# Diagramm darstellen mit Javascript



## Guest (24. Apr 2007)

Hallo !
Benötige mal ein bischen Hilfe um ein Diagramm mit Java darzustellen. Ich selber habe mit Programmieren keinn Ahnung und wüsst auch nich, was ich da machen muss. Vielleicht kannmir wer ja helfen. So ein Diagramm soll mit Java dargestellt werden, dass es auf jedem PC läuft. http://www.wissenschaft-online.de/sixcms/media.php/591/sonne.46217.jpg
Hoffe mir kann geholfen werden.


----------



## The_S (24. Apr 2007)

Was jetzt? Java oder JavaScript?


----------



## Ullenboom (24. Apr 2007)

Äh. Also jetzt Java oder JavaScript? Für JavaScript gibt's da eine Zeichenbibliothek unter http://www.walterzorn.com/jsgraphics/jsgraphics_e.htm. (Die Farbverläufe werde nur ein bisschen flickelig ;-)

 Christian


----------



## Guest (24. Apr 2007)

Ne soll schon Java sein.


----------



## Wildcard (24. Apr 2007)

Warum schreibst du dann Javascript im Titel?
Wenn du (wie du schreibst) vom Programmieren keine Ahnung hast, wie willst du das dann machen?


----------



## Guest (24. Apr 2007)

Dachte das wär das gleiche.
Vielleicht hat wer ne Hilfestellung.


----------



## Wildcard (24. Apr 2007)

Anonymous hat gesagt.:
			
		

> Dachte das wär das gleiche.


Nein, die beiden haben nichts miteinander zu tun.

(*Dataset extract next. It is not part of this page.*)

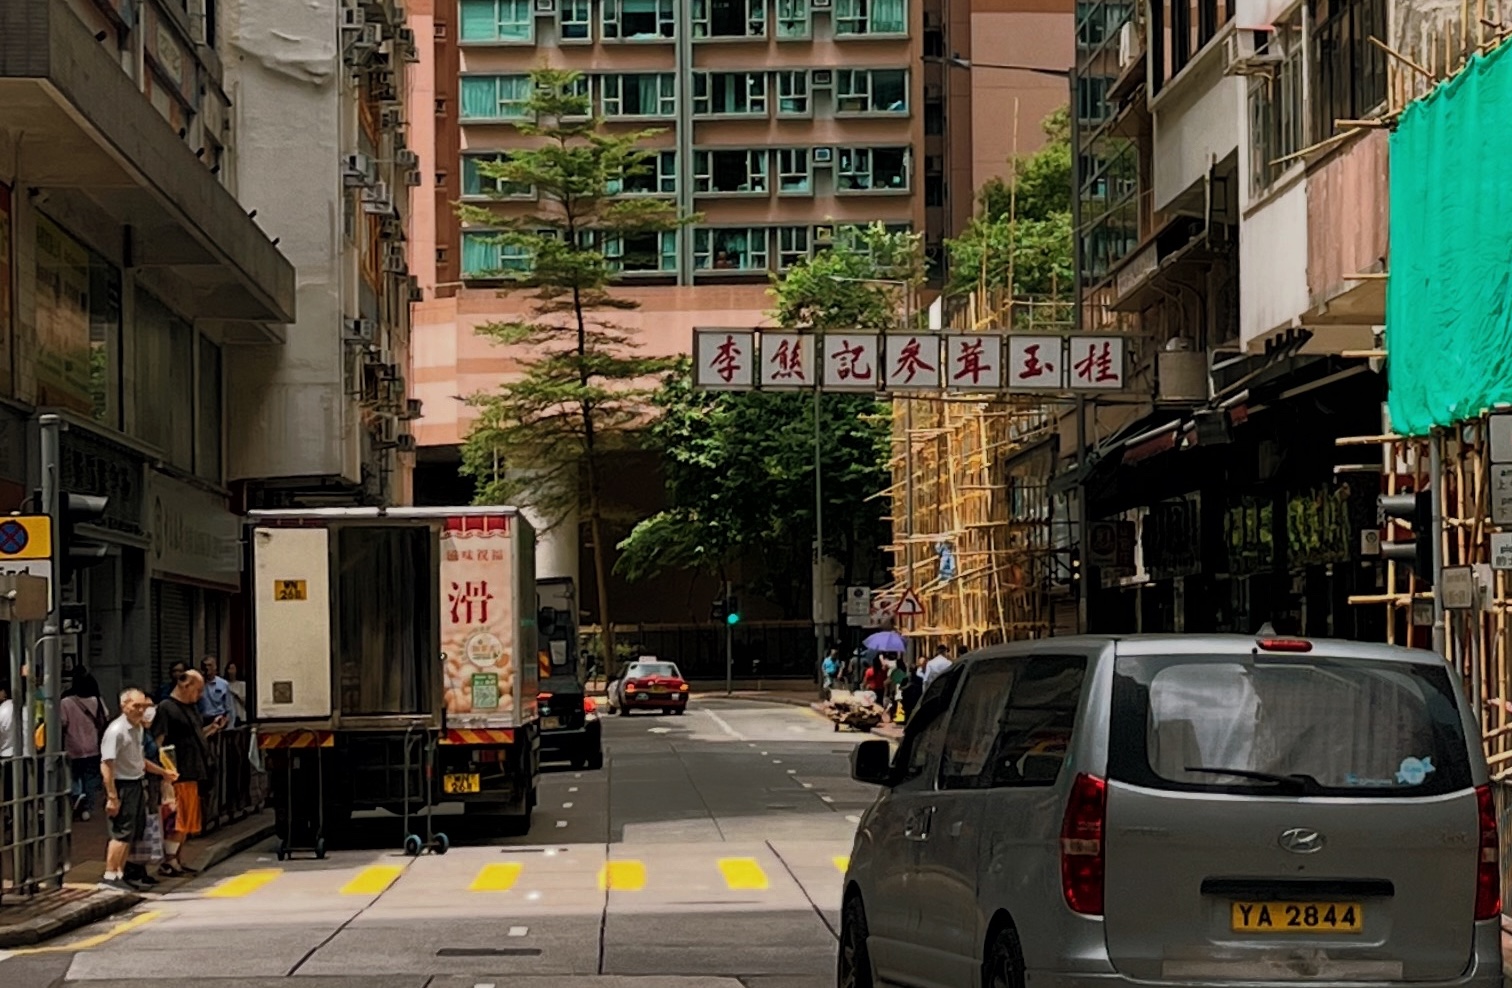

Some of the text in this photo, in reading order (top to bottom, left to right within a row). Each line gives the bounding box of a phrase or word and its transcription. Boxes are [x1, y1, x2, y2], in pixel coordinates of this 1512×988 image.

[709, 335, 1120, 384] 李熊記參茸玉桂
[1239, 905, 1356, 927] YA 2844

> Vielleicht hat wer ne Hilfestellung.


Das einzig sinnvolle was man dazu sagen kann ist:
Lerne Java oder bezahle jemanden der es für dich macht.


----------



## André Uhres (24. Apr 2007)

Mit dem Diagramm da kann ich so gut wie gar nix anfangen. Da müssen doch auch zu verarbeitende Daten dahinterstehen, oder willst du das Bild einfach nur nachmalen?


----------



## Guest (24. Apr 2007)

was für weitere Informationen braucht man denn? Sry für die blöden Fragen, aber hab vom Programieren leider nich so den Plan ;(


----------



## Roar (24. Apr 2007)

???:L


----------



## Guest (24. Apr 2007)

Das ganze sollte dann etwa so aussehen: http://www.astro.uni-bonn.de/~javahrd/


----------



## Wildcard (24. Apr 2007)

Um dir das nochmal ganz klar zu sagen:
Wenn du mit Java solche Diagramme erstellen willst musst du zuerst Java lernen.
Wie soll das denn sonst funktionieren?
Ein paar Schlagworte die du in Google eingeben kannst sind hier einfach nicht genug.


----------



## Guest (24. Apr 2007)

Wie viel kostset ees denn wenn man es machen lässt?


----------



## Wildcard (24. Apr 2007)

Hängt davon ab was das Programm leisten soll.
Das müsstest du schon genauer spezifizieren und dann in unsere Jobbörse, oder bspw. bei RentACoder.com einstellen.


----------



## André Uhres (24. Apr 2007)

Anonymous hat gesagt.:
			
		

> Wie viel kostset ees denn wenn man es machen lässt?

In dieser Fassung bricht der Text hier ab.